== Data records

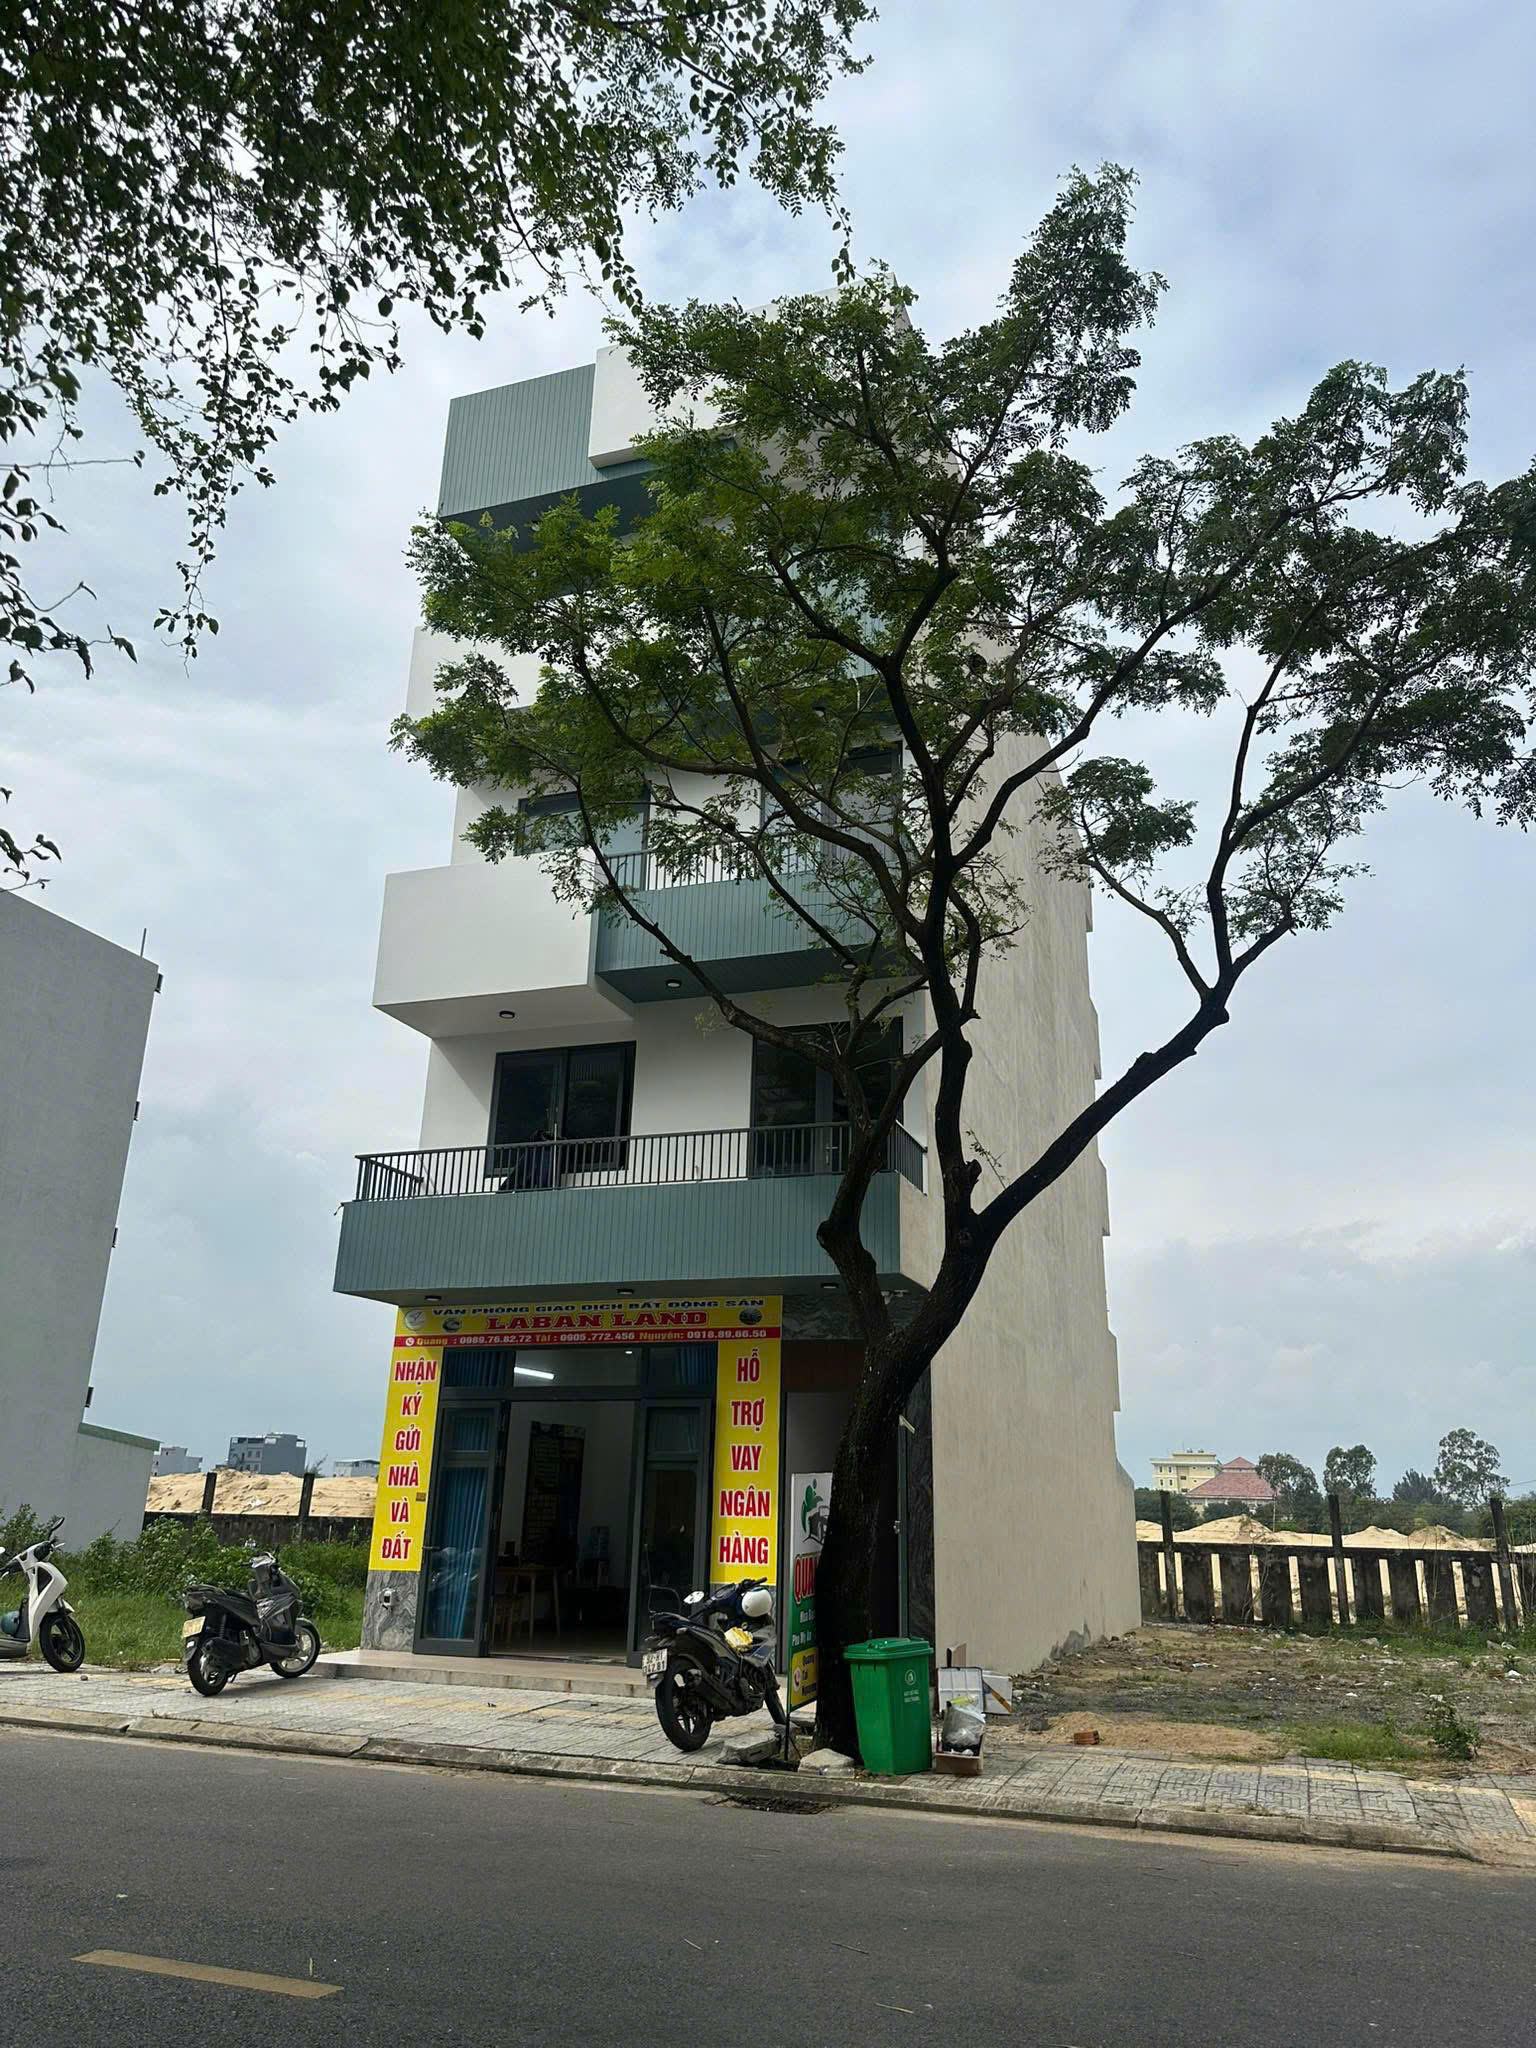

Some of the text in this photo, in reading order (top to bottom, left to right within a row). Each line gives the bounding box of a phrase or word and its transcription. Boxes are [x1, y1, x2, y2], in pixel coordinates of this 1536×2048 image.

[486, 1311, 709, 1330] LABAN LAND
[535, 1303, 575, 1313] GIAO
[394, 1356, 437, 1385] NHẬN
[737, 1348, 760, 1382] HỖ
[402, 1391, 422, 1415] KÝ
[731, 1398, 765, 1432] TRỢ
[395, 1423, 421, 1451] GỬI
[731, 1445, 762, 1471] VAY
[388, 1461, 419, 1487] NHÀ
[391, 1497, 409, 1523] VÀ
[720, 1485, 770, 1517] NGÂN
[381, 1530, 412, 1560] ĐẤT
[719, 1530, 769, 1564] HÀNG
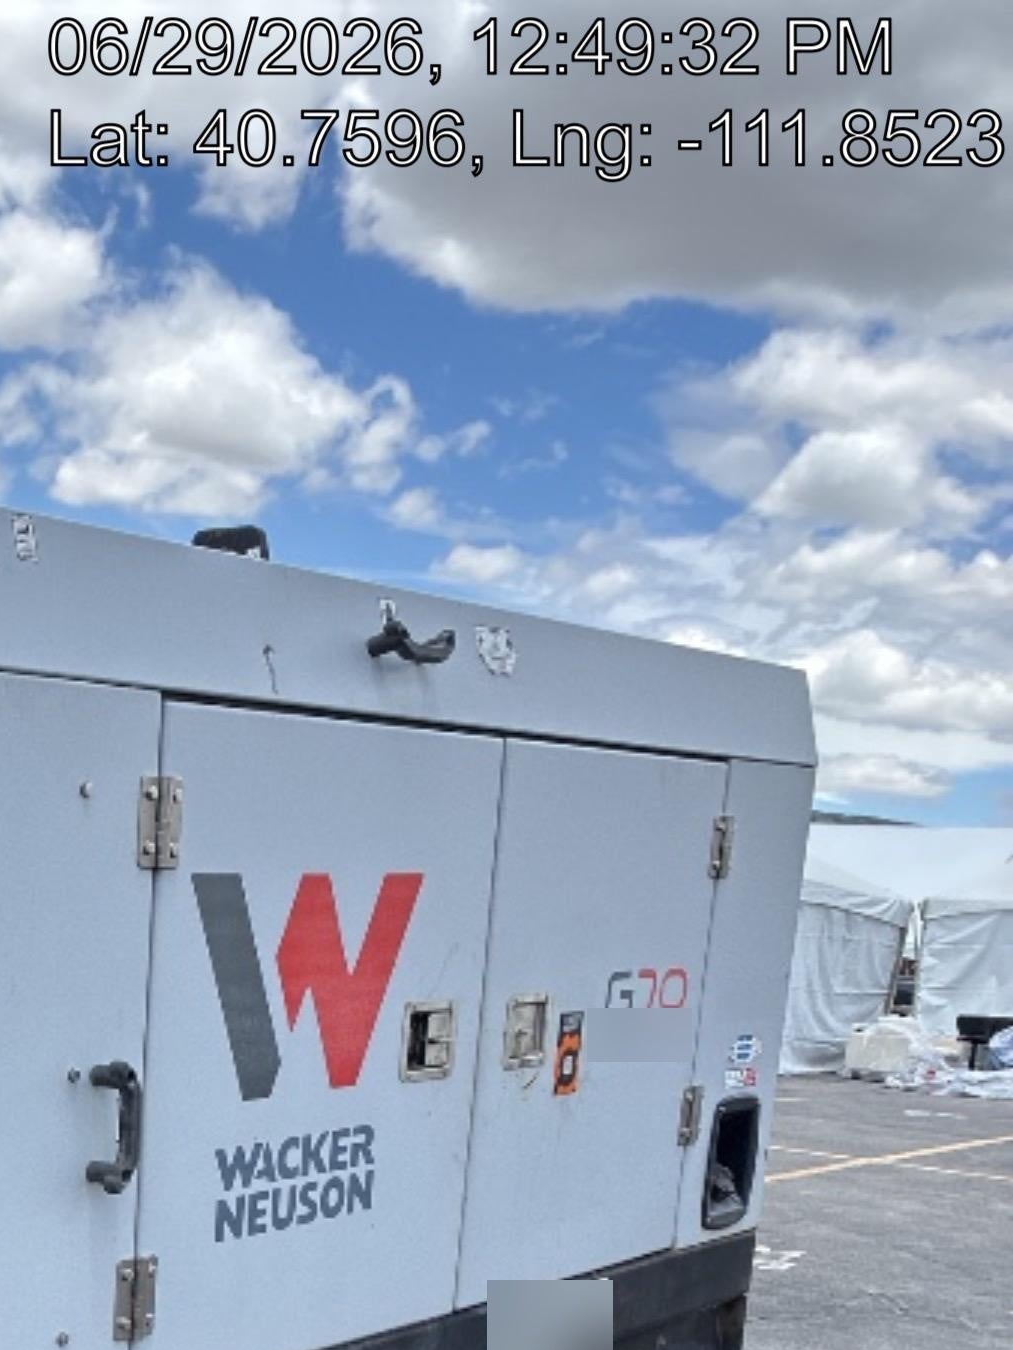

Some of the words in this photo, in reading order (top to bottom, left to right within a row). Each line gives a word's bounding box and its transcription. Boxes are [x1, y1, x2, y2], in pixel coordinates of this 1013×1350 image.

[604, 967, 688, 1009] G70
[214, 1124, 375, 1192] WACKER
[214, 1169, 375, 1242] NEUSON

====

## What the task asks
Copy exactly the lines above, from the one containing "Some of the words" through the very last line.

## Answer box
Some of the words in this photo, in reading order (top to bottom, left to right within a row). Each line gives a word's bounding box and its transcription. Boxes are [x1, y1, x2, y2], in pixel coordinates of this 1013×1350 image.

[604, 967, 688, 1009] G70
[214, 1124, 375, 1192] WACKER
[214, 1169, 375, 1242] NEUSON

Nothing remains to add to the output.